Just because you're also a millennial doesn't mean you share Taylor's economic interests.
Just because you're also a millennial doesn't mean you share Taylor's economic interests.
Christopher Polk/Getty Images for Clear Channel

On the evening of October 8, the White House's Council of Economic Advisors released a 49-page footnoted listicle titled "15 Economic Facts About Millennials."

Some of the facts are interesting! But the most relevant fact of all is the one embedded in the accompanying fact sheet on President Obama's Agenda for Creating Economic Opportunity for Millennials. It turns out that millennials, like other Americans, are people — people who will be helped by general improvements in American life.

The agenda for millennials, in other words, is just a grab-bag of everything Obama has already been doing or aspires to do. It includes "actively working to make sure that patent trolls ... do not strangle American technological innovation."
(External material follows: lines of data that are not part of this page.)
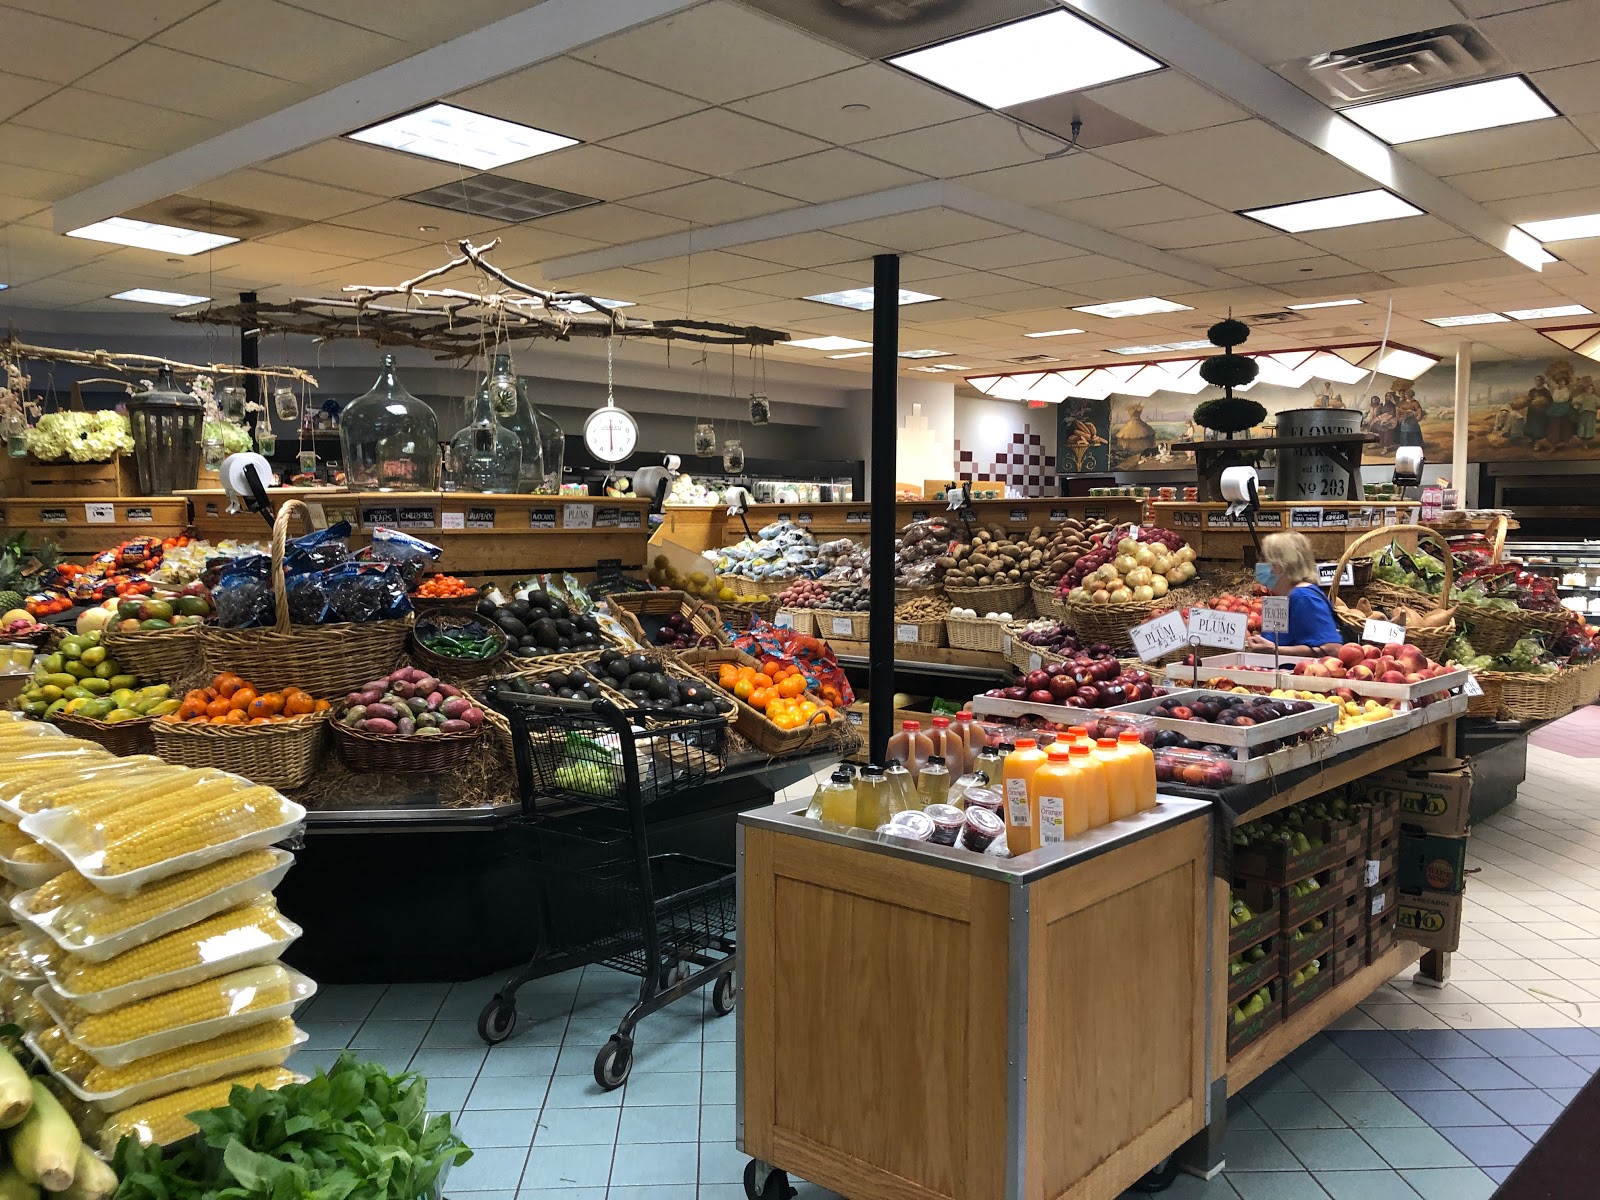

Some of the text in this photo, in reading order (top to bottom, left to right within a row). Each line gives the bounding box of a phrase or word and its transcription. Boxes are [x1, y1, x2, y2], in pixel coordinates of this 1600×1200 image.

[1320, 478, 1345, 496] 203
[370, 514, 393, 522] PEARS
[400, 511, 434, 520] CHERRIES
[1264, 606, 1288, 620] PEACHES
[1199, 618, 1237, 636] PLUMS
[1144, 623, 1175, 646] PLUM
[1416, 780, 1453, 790] AVOCADOS
[1007, 789, 1026, 797] Orange
[1041, 807, 1063, 818] Orange
[1041, 814, 1055, 822] Juice
[1412, 897, 1450, 907] AVOCADOS
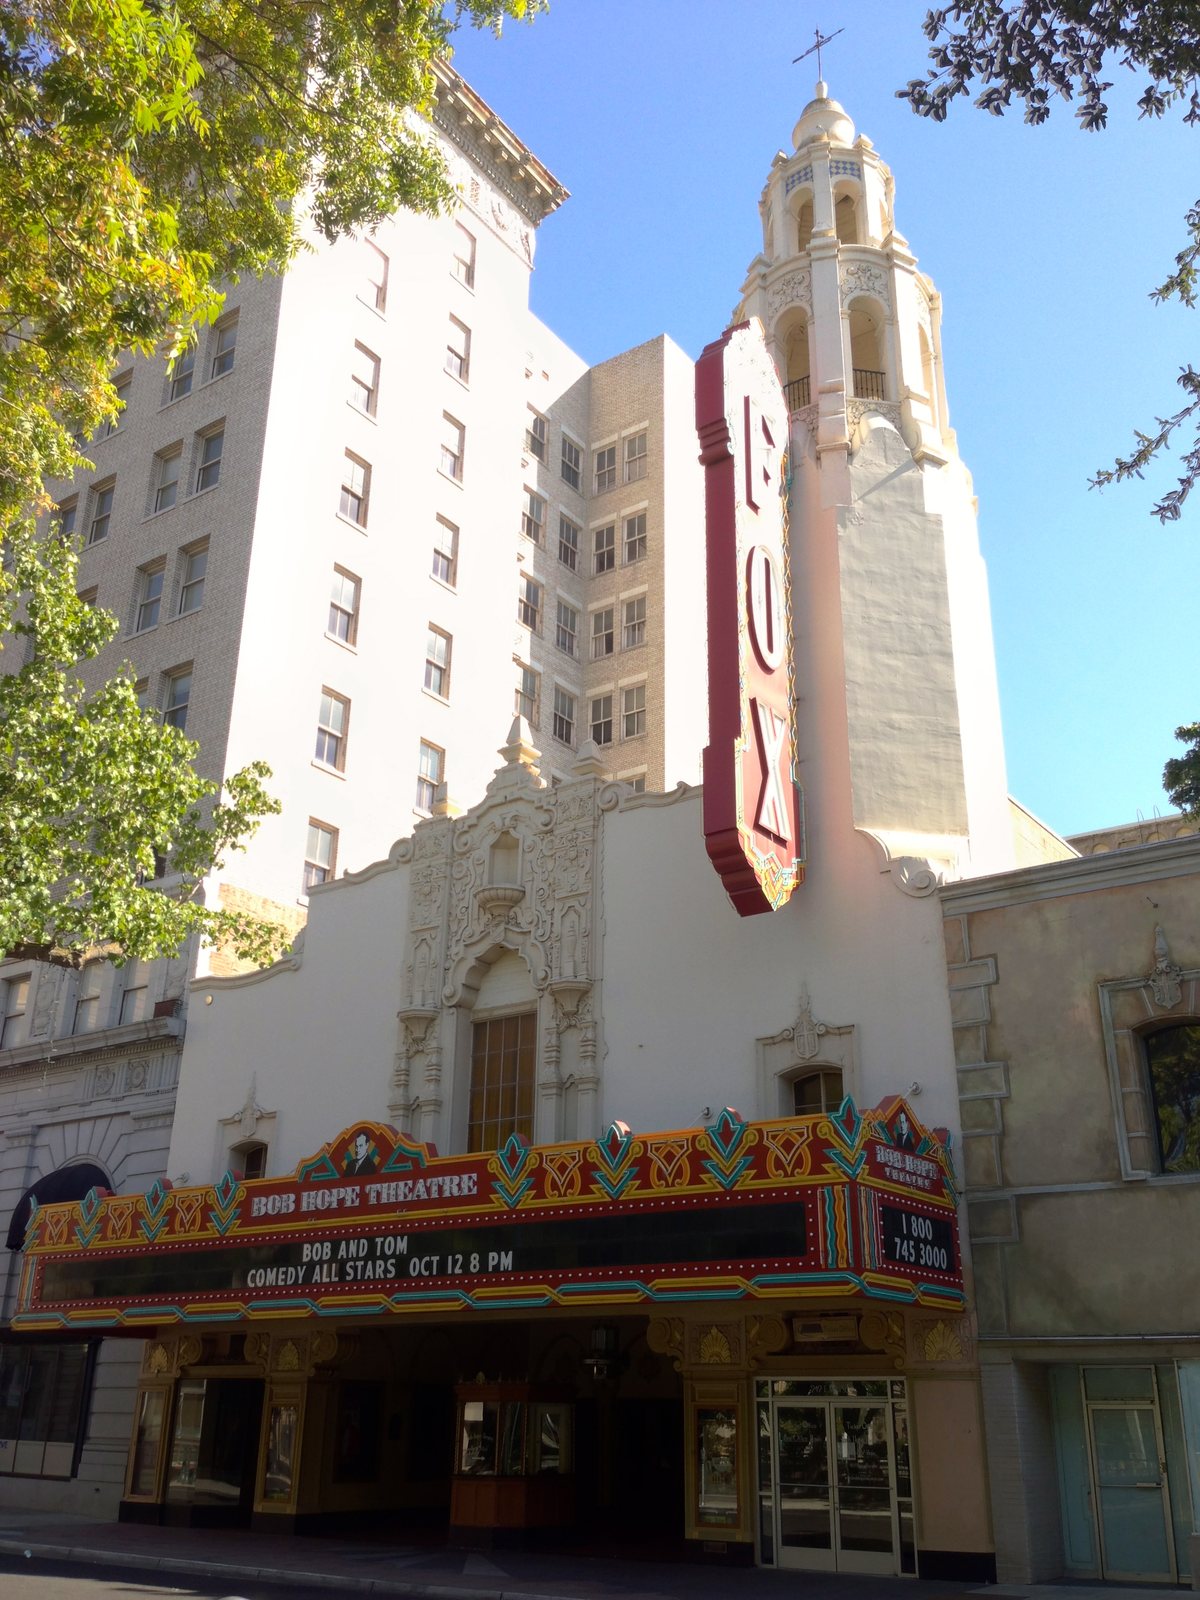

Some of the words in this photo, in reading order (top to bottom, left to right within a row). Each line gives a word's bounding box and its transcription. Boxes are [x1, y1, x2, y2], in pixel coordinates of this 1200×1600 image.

[745, 394, 790, 850] FOX
[251, 1195, 296, 1217] BOB
[300, 1186, 361, 1212] HOPE
[366, 1173, 478, 1205] THEATRE
[911, 1215, 933, 1240] 800
[302, 1242, 332, 1262] BOB
[338, 1239, 368, 1259] AND
[375, 1235, 409, 1255] TOM
[894, 1237, 915, 1263] 745
[919, 1243, 948, 1270] 3000
[247, 1264, 306, 1288] COMEDY
[311, 1262, 339, 1284] ALL
[345, 1258, 397, 1280] STARS
[408, 1255, 439, 1277] OCT
[447, 1252, 463, 1274] 12
[469, 1253, 480, 1272] 8
[488, 1250, 513, 1272] PM
The platform includes a plank about affordable rental housing that millennial renters will no doubt appreciate — as will renters of all ages. There is also a plank about making it easier to get a mortgage. And a plank about the Consumer Financial Protection Bureau making it harder for you to get deeper into debt than you can afford. There's an item about cell phone unlocking, and a plan to install faster broadband connections in high schools. Taking tougher action against gender-based pay discrimination is great for millennial women, of course, but would presumably be just as great for older women. And roughly half of millennials — like other generations — are men.
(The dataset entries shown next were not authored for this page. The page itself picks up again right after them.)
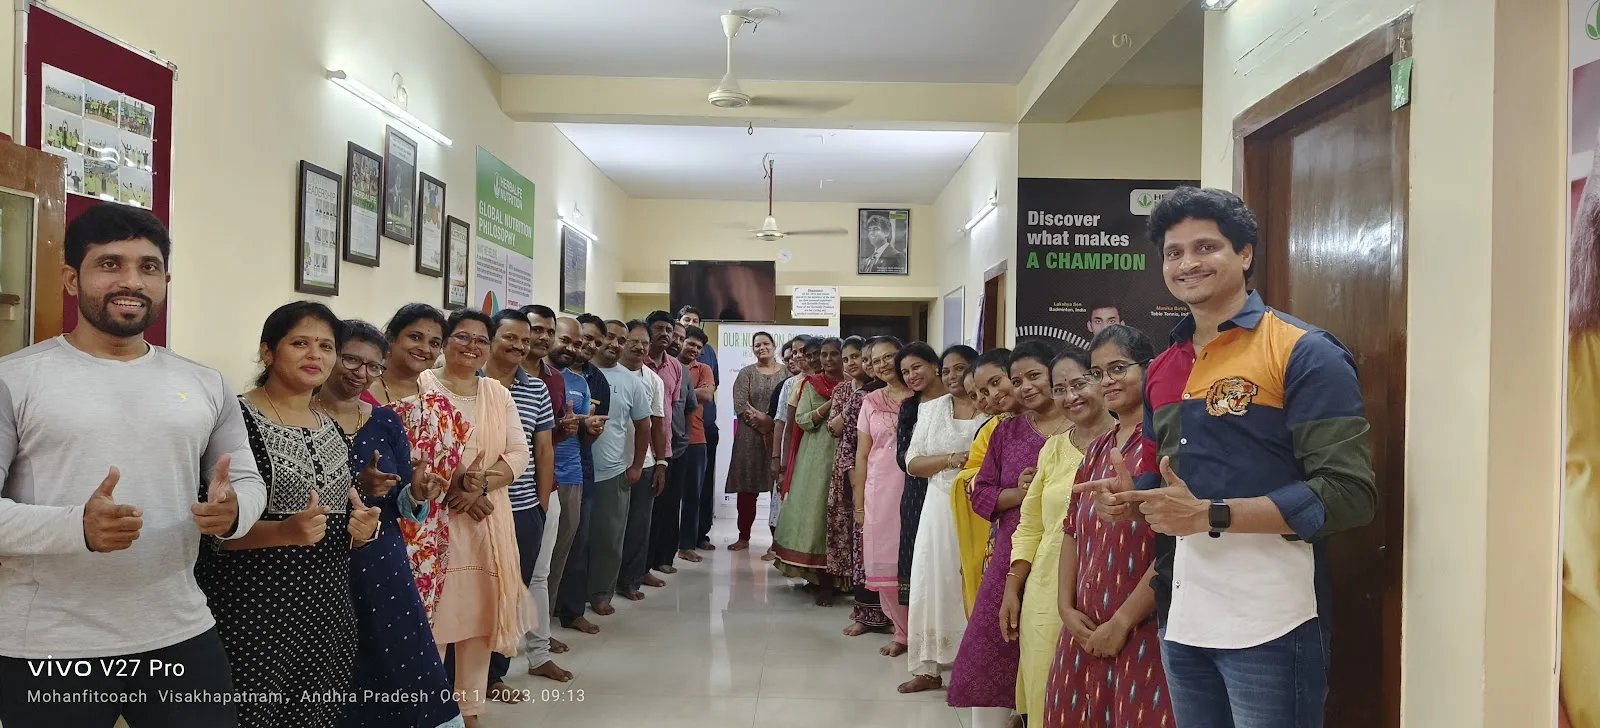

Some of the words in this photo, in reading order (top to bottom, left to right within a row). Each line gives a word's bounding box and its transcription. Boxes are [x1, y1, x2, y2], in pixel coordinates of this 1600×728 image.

[478, 200, 503, 225] GLOBAL
[504, 213, 532, 239] NUTRITION
[1027, 210, 1101, 227] Discover
[478, 217, 516, 246] PHILOSOPHY
[1027, 230, 1070, 246] what
[1074, 231, 1130, 247] makes
[1026, 251, 1040, 269] A
[1046, 252, 1146, 271] CHAMPION
[723, 332, 740, 347] OUR
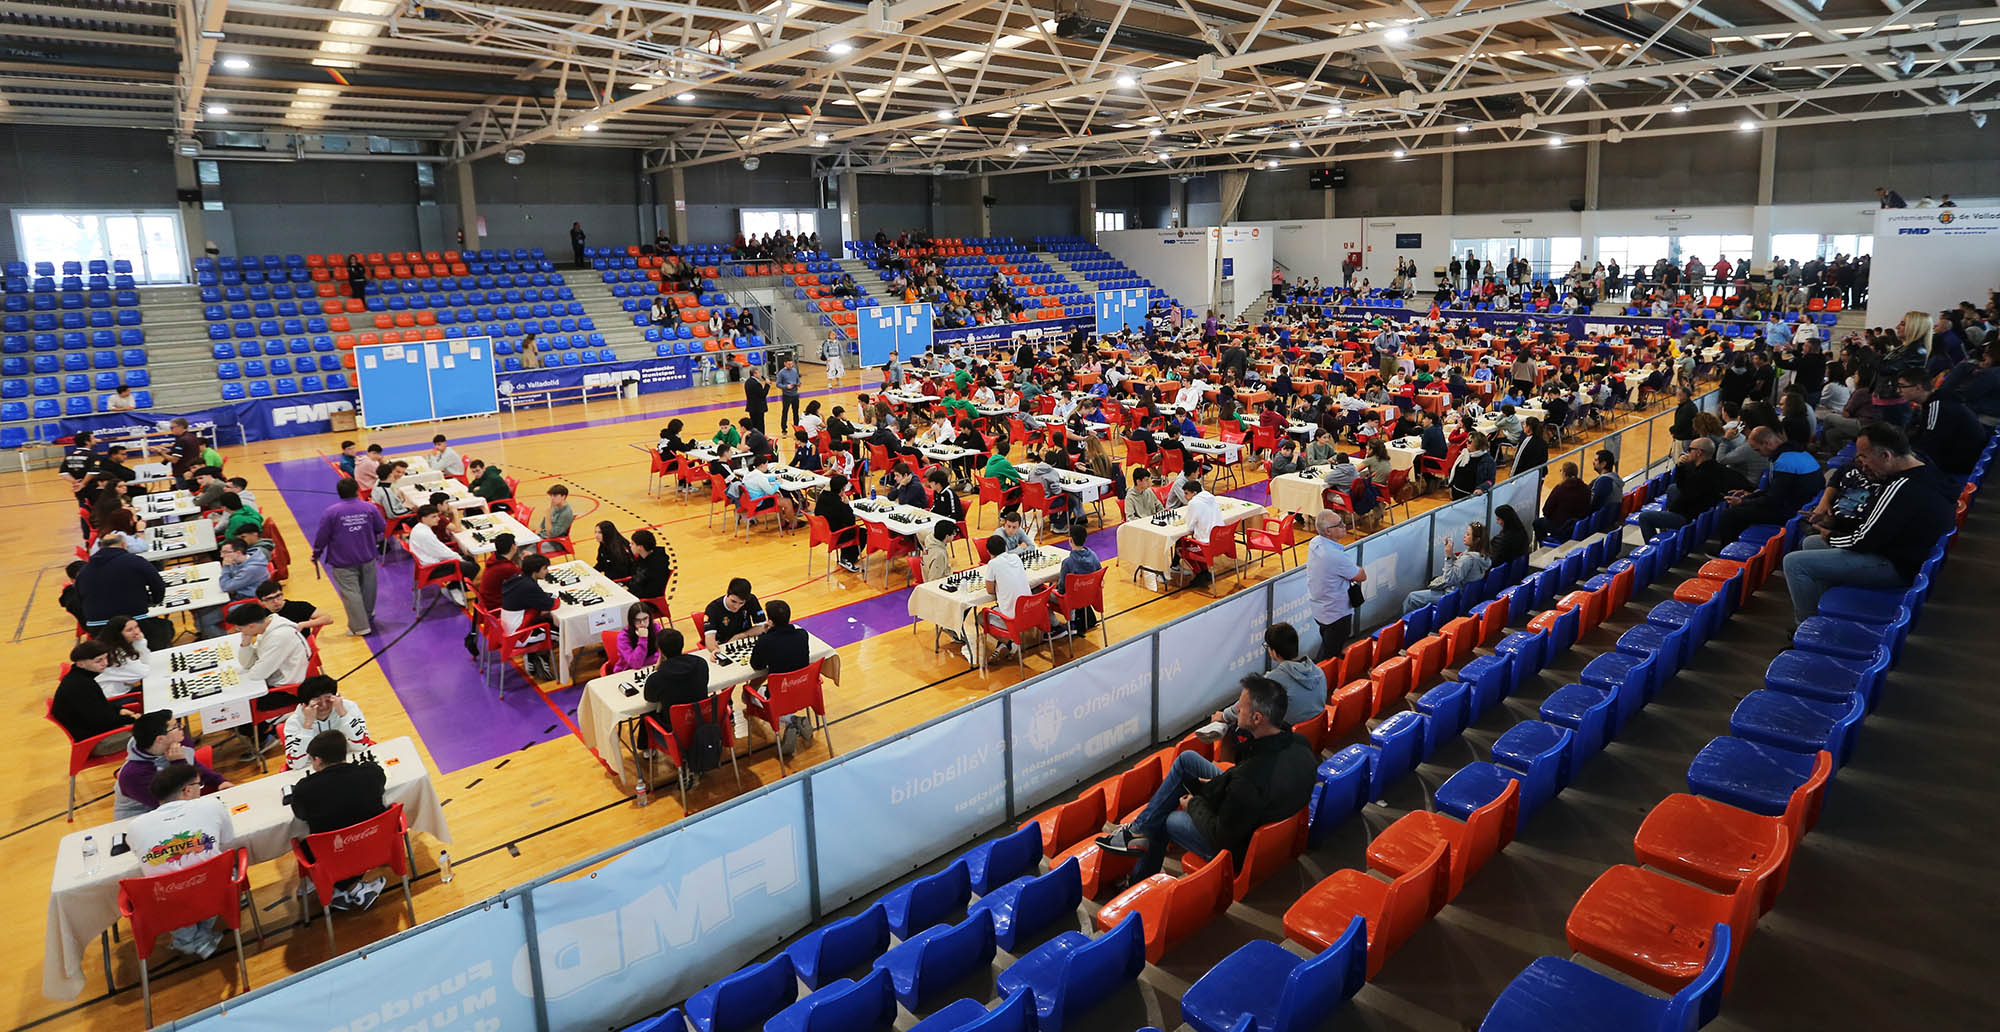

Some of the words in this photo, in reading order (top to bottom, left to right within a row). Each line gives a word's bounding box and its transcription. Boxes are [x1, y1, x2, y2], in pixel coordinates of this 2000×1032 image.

[641, 365, 675, 374] Fundación
[641, 370, 675, 378] Municipal
[526, 379, 560, 388] Valladolid
[141, 840, 194, 864] CREATIVE
Generational analysis, though a popular media frame, just turns out to be a not-so-useful way to think about public policy. Generations are too heterogeneous and the United States too riven by class, race, and gender inequities for there to be a coherent politics of age. Mark Zuckerberg, Taylor Swift, a waitress in Toledo, an Afghanistan veteran looking for a job, a community college student in Florida, a young teacher in Atlanta, a security guard in Las Vegas, and a medical assistant in Houston don't have some magic stockpile of common interests just in virtue of having been born in the 1980s.

(Council of Economic Advisors)

Obama's ideas generally either target too narrow a population (those with heavy student loans) to speak to all millennials, or else too broad a population (women suffering from discrimination) to speak exclusively to one generation.

Ultimately, if the Obama agenda did end up benefiting millennials, it would be for the exact same reasons that it benefited Generation X or anyone else — ideas to generate more rapid and more broadly shared economic growth would be great for everyone. To the extent that Obama's ideas would do those things, they are good for all generations. To the extent that they don't, they are not. That's the big argument in American politics, and it only implicates millennials because we are people too.